→ **What the task requires**
Reproduce the full listing as it stands. Images do not belong in the copy.

START Records for the task

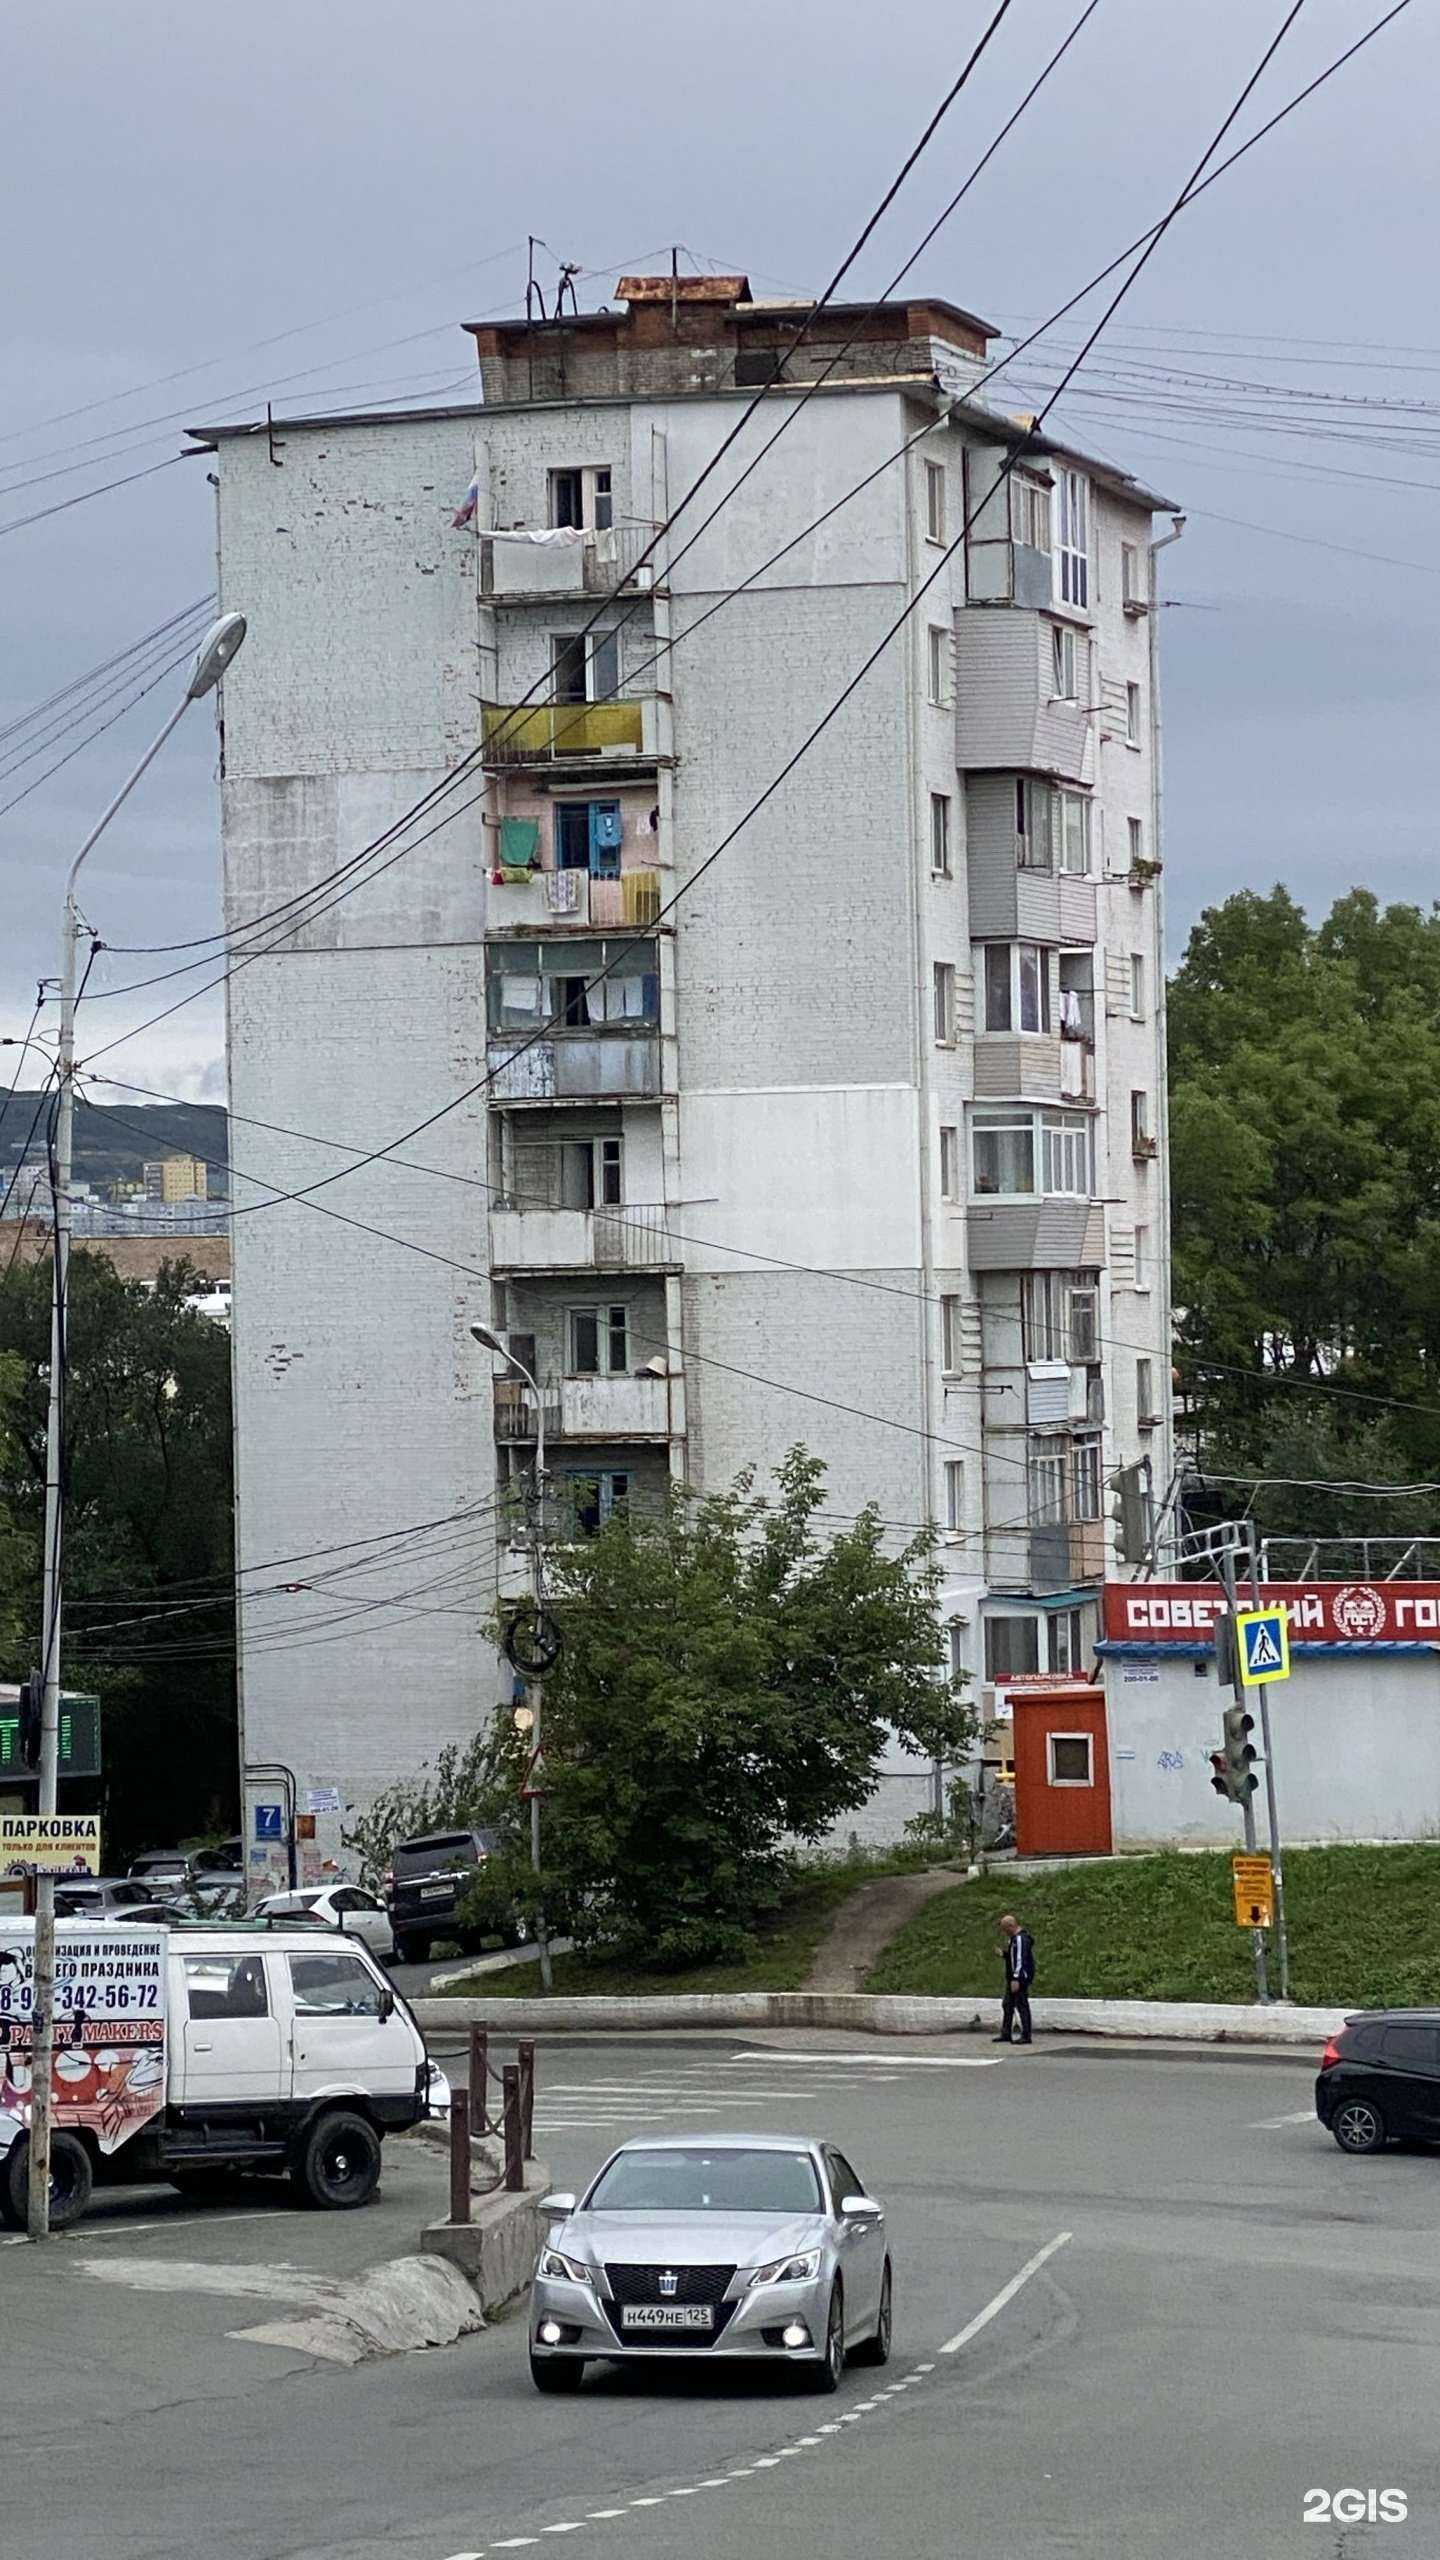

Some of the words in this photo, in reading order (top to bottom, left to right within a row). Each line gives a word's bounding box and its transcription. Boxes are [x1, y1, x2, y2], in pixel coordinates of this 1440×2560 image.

[1127, 1594, 1324, 1627] СОВЕТИЙ
[1395, 1600, 1440, 1627] ГО
[262, 1808, 275, 1827] 7
[2, 1820, 97, 1837] ПАРКОВКА
[2, 1843, 34, 1852] ТОЛЬКО
[36, 1843, 53, 1852] ДЛЯ
[26, 1945, 93, 1958] ОИЗАЦИЯ
[94, 1945, 100, 1956] И
[102, 1943, 161, 1957] ПРОВЕДЕНИЕ
[25, 1963, 77, 1978] ВЕГО
[81, 1962, 160, 1978] ПРАЗДНИКА
[0, 1985, 158, 2011] 8-9-342-56-72
[687, 2309, 709, 2321] 125
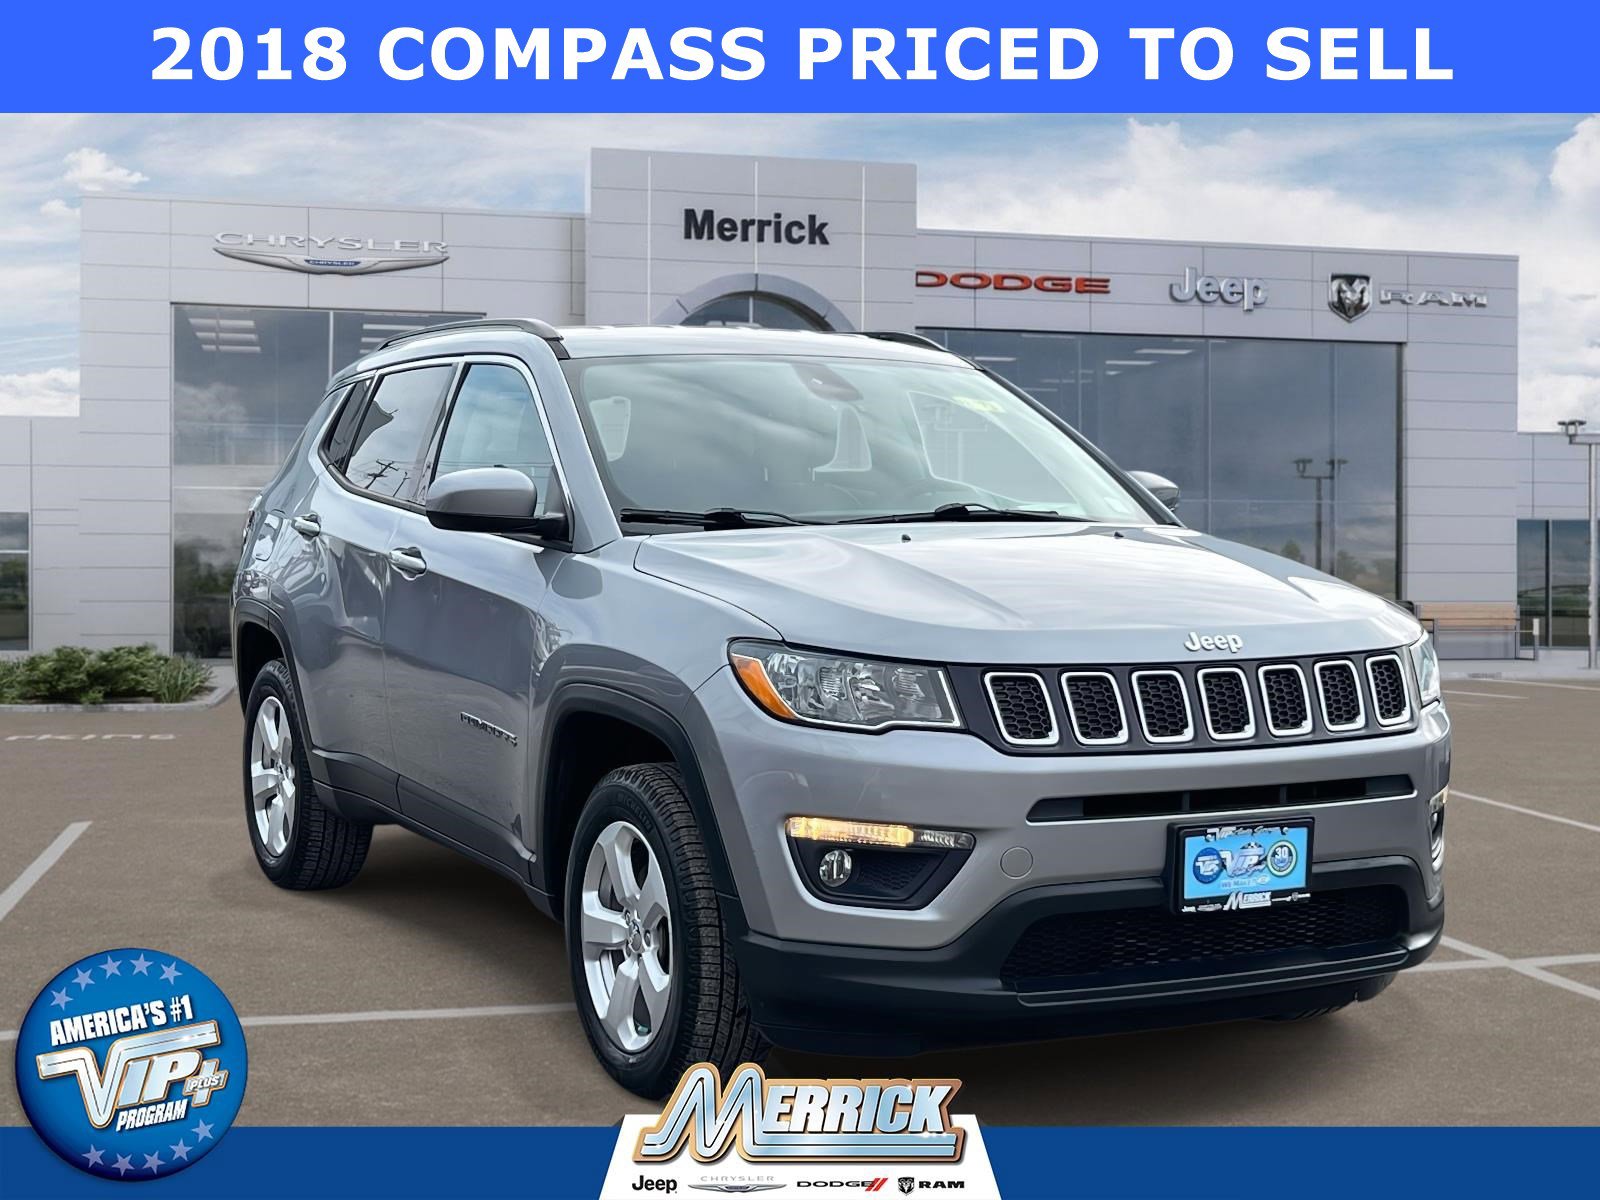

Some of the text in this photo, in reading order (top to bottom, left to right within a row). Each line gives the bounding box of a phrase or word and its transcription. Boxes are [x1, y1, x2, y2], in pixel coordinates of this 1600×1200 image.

[683, 207, 830, 246] Merrick
[214, 231, 450, 254] CHRYSLER
[915, 270, 1112, 295] DODGE
[1169, 266, 1269, 313] Jeep
[1380, 287, 1488, 308] RAM
[1184, 630, 1244, 654] Jeep
[1275, 846, 1288, 859] 30

END Records for the task

→ **Answer to this task**
Some of the words in this photo, in reading order (top to bottom, left to right within a row). Each line gives a word's bounding box and its transcription. Boxes are [x1, y1, x2, y2], in pixel coordinates of this 1440×2560 image.

[1127, 1594, 1324, 1627] СОВЕТИЙ
[1395, 1600, 1440, 1627] ГО
[262, 1808, 275, 1827] 7
[2, 1820, 97, 1837] ПАРКОВКА
[2, 1843, 34, 1852] ТОЛЬКО
[36, 1843, 53, 1852] ДЛЯ
[26, 1945, 93, 1958] ОИЗАЦИЯ
[94, 1945, 100, 1956] И
[102, 1943, 161, 1957] ПРОВЕДЕНИЕ
[25, 1963, 77, 1978] ВЕГО
[81, 1962, 160, 1978] ПРАЗДНИКА
[0, 1985, 158, 2011] 8-9-342-56-72
[687, 2309, 709, 2321] 125

Some of the text in this photo, in reading order (top to bottom, left to right within a row). Each line gives the bounding box of a phrase or word and its transcription. Boxes are [x1, y1, x2, y2], in pixel coordinates of this 1600×1200 image.

[683, 207, 830, 246] Merrick
[214, 231, 450, 254] CHRYSLER
[915, 270, 1112, 295] DODGE
[1169, 266, 1269, 313] Jeep
[1380, 287, 1488, 308] RAM
[1184, 630, 1244, 654] Jeep
[1275, 846, 1288, 859] 30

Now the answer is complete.